HUGH Davies, 83, who has been with the University of PNG for 28 years, became an Emeritus professor of the university during its graduation ceremony on Friday.
Chancellor Dr Nicholas Mann said it was the first time the award in the School of Natural and Physical Sciences had been conferred on someone.
“I confer this award Emeritus professor of Applied Geology for his contribution in geology to Papua New Guinea and the university,” Mann said.
He graduated from the University of Western Australia in 1956 and arrived in Papua New Guinea the following year and “continued here for most of his life, first as a mapping geologist”.
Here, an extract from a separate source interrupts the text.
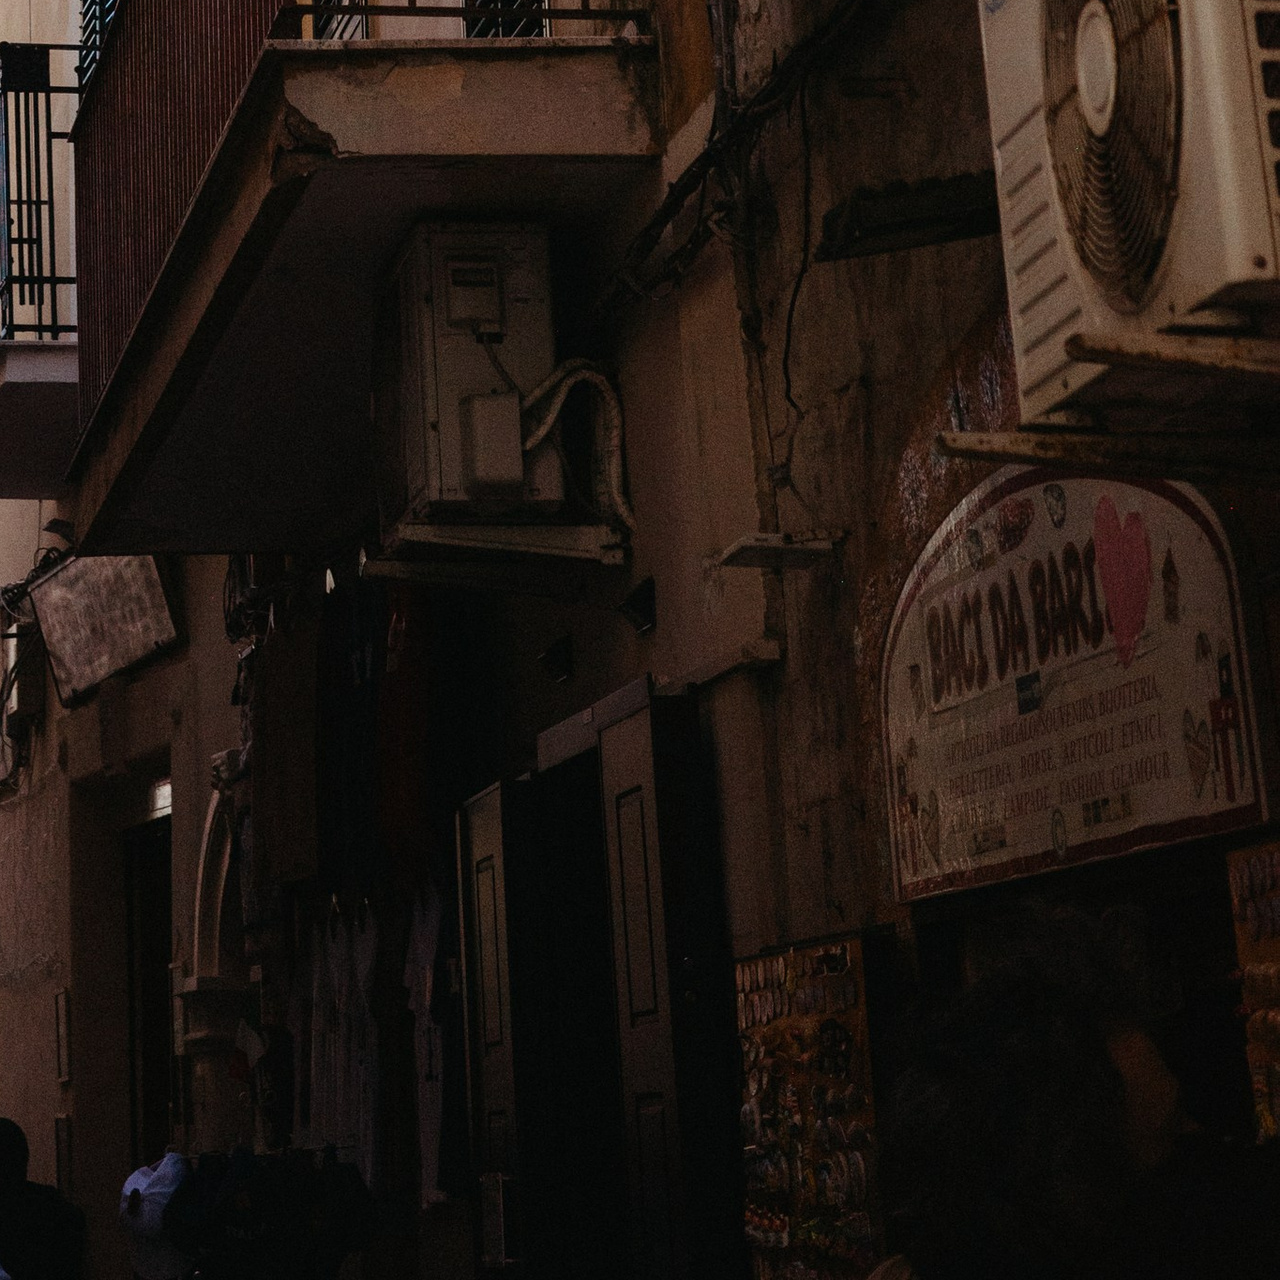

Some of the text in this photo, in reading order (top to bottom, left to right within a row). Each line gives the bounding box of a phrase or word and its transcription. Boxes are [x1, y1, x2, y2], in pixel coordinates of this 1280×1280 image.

“His contribution to the PNG geological mapping programme included the production of 11 of the 22 large-scale maps that depict the geology of Papua New Guinea,” Mann said.
In 2012, he gave an account of the great ophiolite (a section of the Earth’s oceanic crust and the underlying upper mantle uplifted and exposed above sea level and often emplaced onto continental crustal rocks) extending from Salamaua to Milne Bay which earned him a doctorate at Stanford University, California.
He was the Chief Government Geologist from 1973 to 1977 and during that time contributed to the negotiations that led to the development of the Ok Tedi mine.
Wife Connie Lou had been a teacher for 28 years at the Port Moresby International School.
Both will return to Australia soon.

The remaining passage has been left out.